» **Assignment**:
Each line of the material below is to be written out exactly. Leave out any picture.
Available data section start
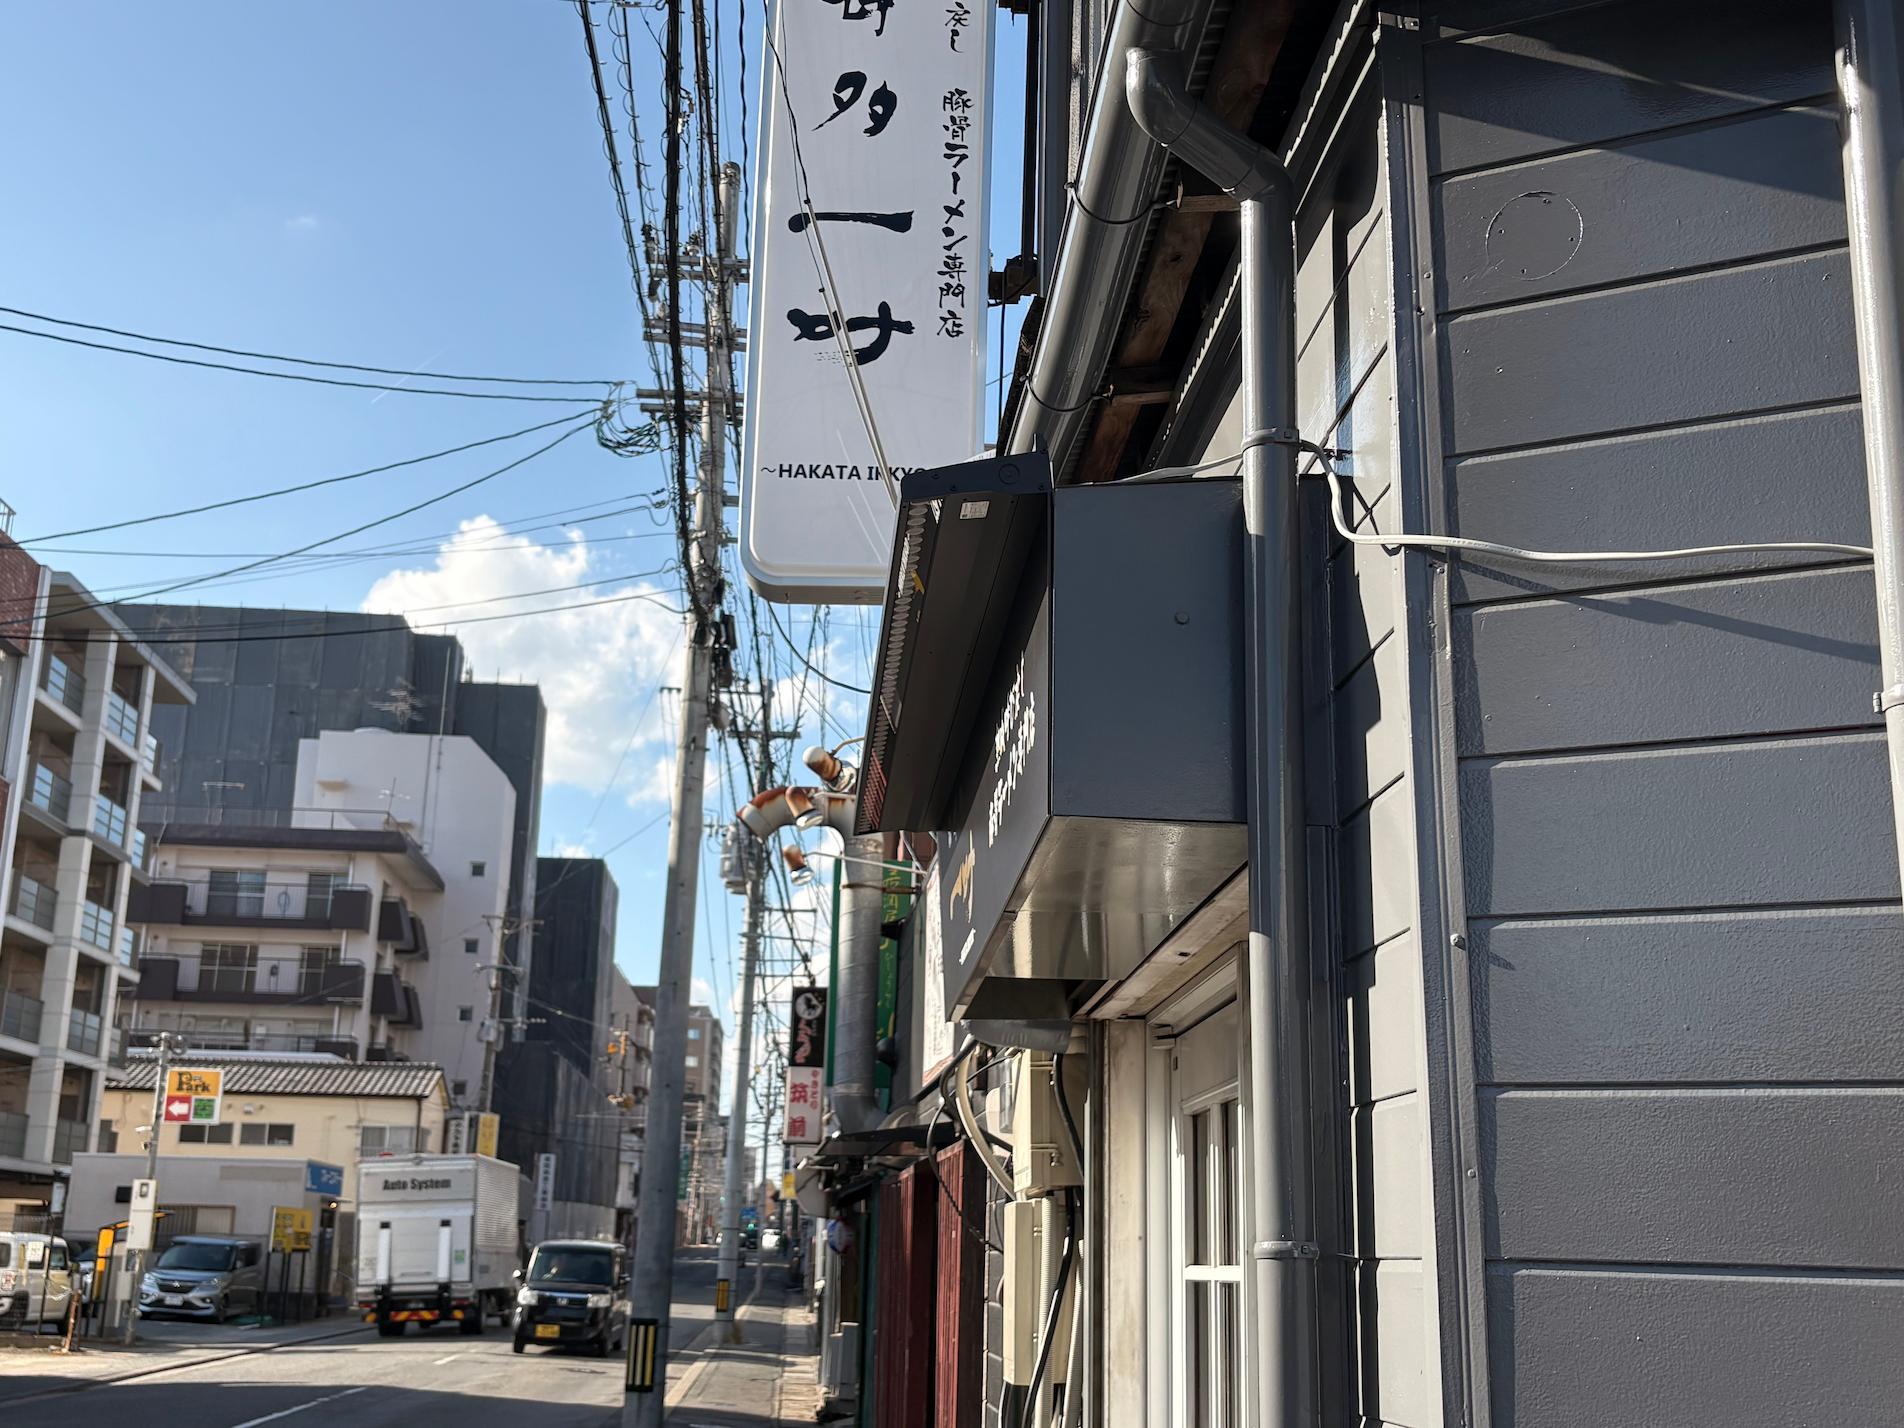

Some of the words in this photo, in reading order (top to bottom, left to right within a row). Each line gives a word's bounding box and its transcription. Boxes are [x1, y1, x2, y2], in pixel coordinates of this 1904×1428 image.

[937, 88, 975, 338] 豚骨ラーメン専門店
[382, 1179, 408, 1191] Auto
[410, 1177, 452, 1192] System
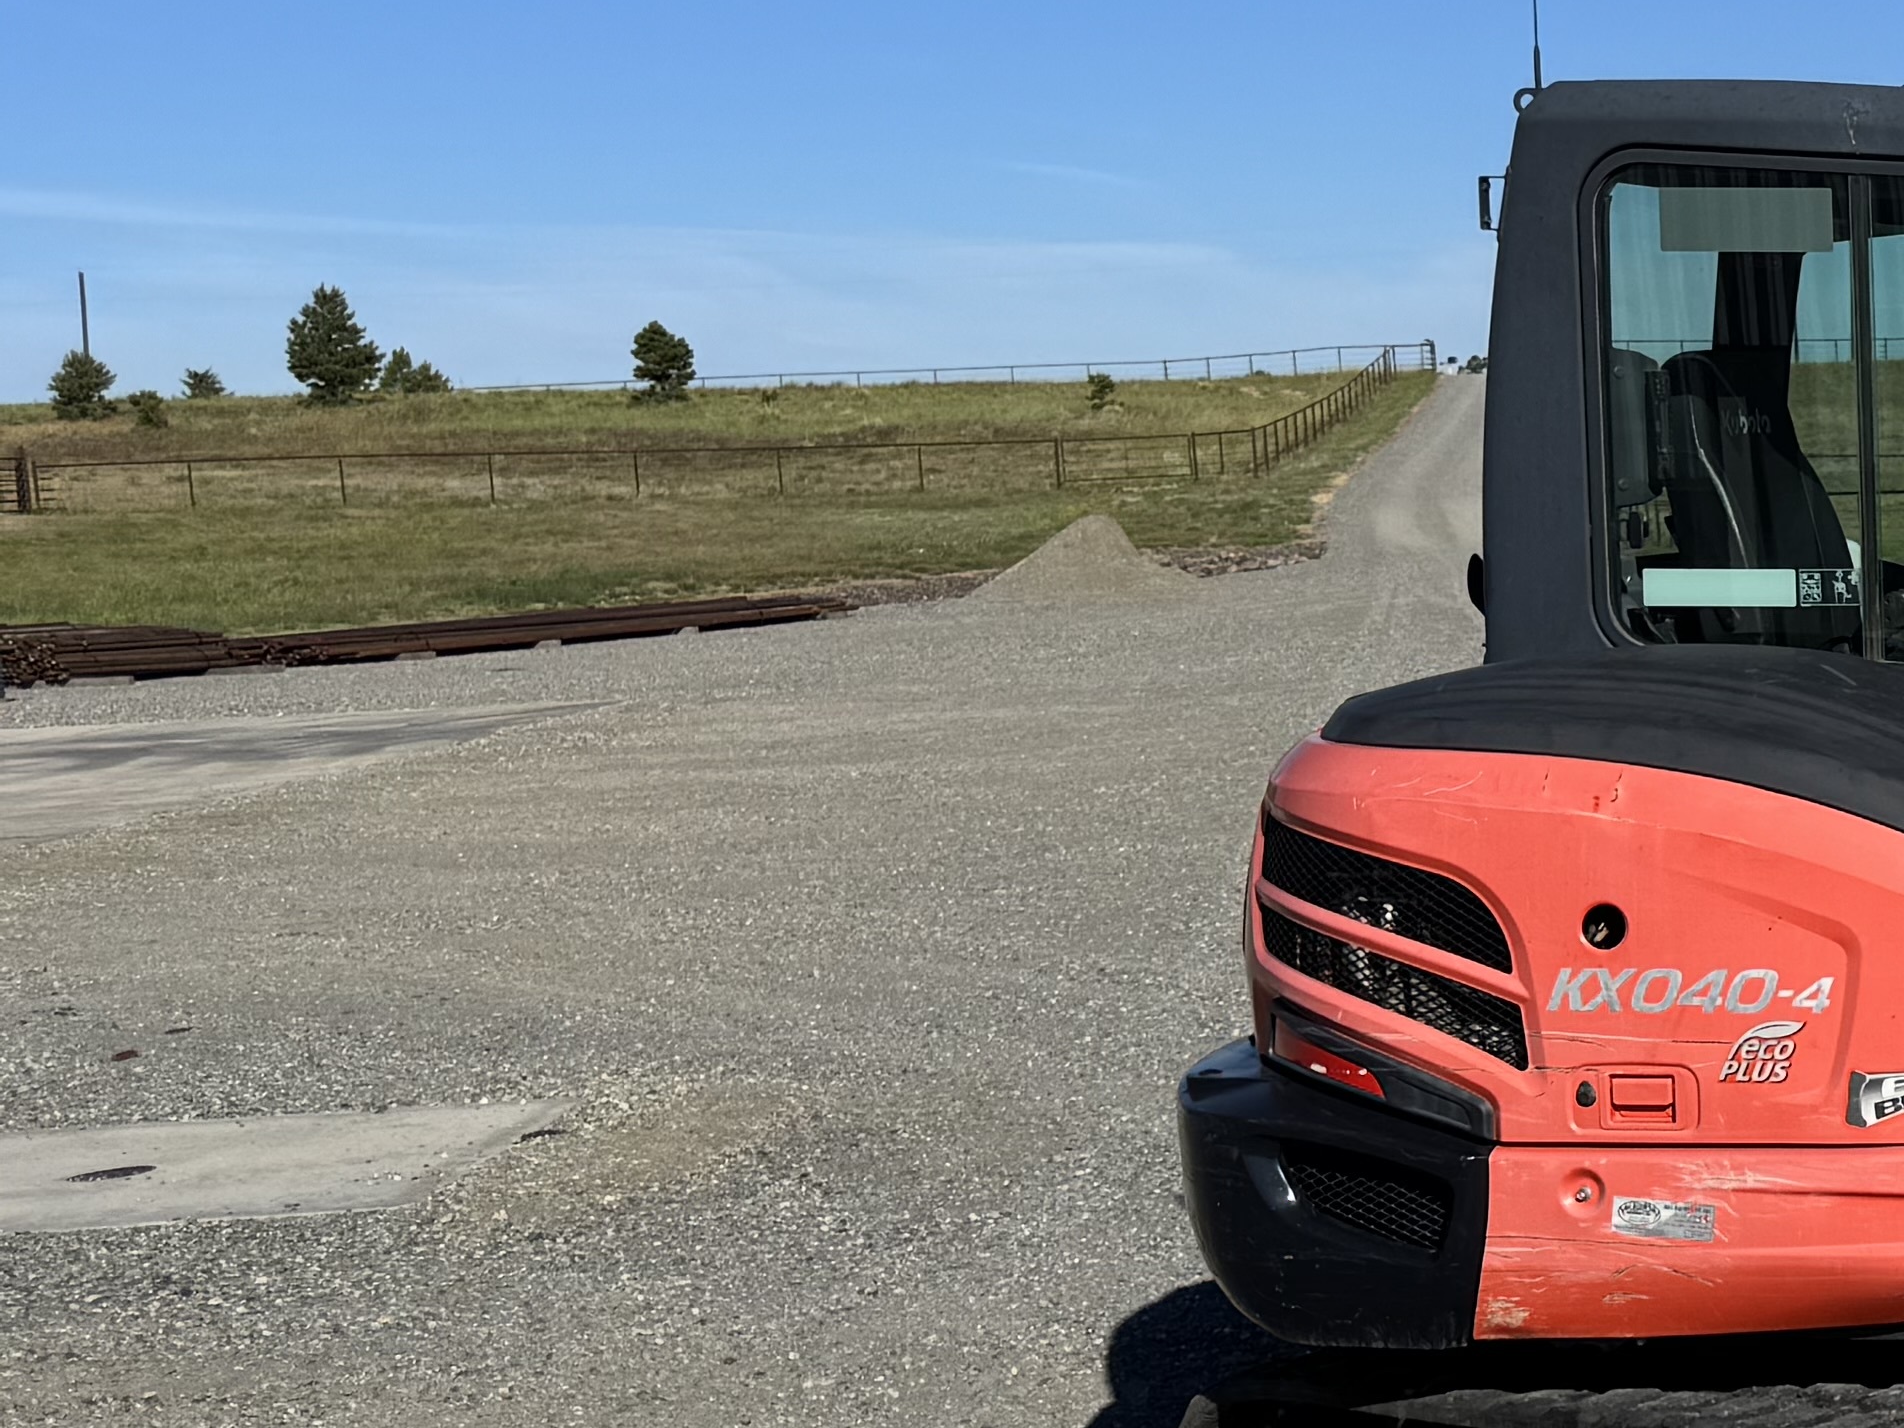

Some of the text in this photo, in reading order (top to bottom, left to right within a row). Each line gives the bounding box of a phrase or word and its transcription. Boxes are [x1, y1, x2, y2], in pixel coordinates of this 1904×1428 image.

[1546, 967, 1835, 1014] KX040-4
[1740, 1038, 1797, 1061] eco
[1719, 1059, 1792, 1083] PLUS
Available data section end
» **Response**:
Some of the words in this photo, in reading order (top to bottom, left to right within a row). Each line gives a word's bounding box and its transcription. Boxes are [x1, y1, x2, y2], in pixel coordinates of this 1904×1428 image.

[937, 88, 975, 338] 豚骨ラーメン専門店
[382, 1179, 408, 1191] Auto
[410, 1177, 452, 1192] System

Some of the text in this photo, in reading order (top to bottom, left to right within a row). Each line gives the bounding box of a phrase or word and its transcription. Boxes are [x1, y1, x2, y2], in pixel coordinates of this 1904×1428 image.

[1546, 967, 1835, 1014] KX040-4
[1740, 1038, 1797, 1061] eco
[1719, 1059, 1792, 1083] PLUS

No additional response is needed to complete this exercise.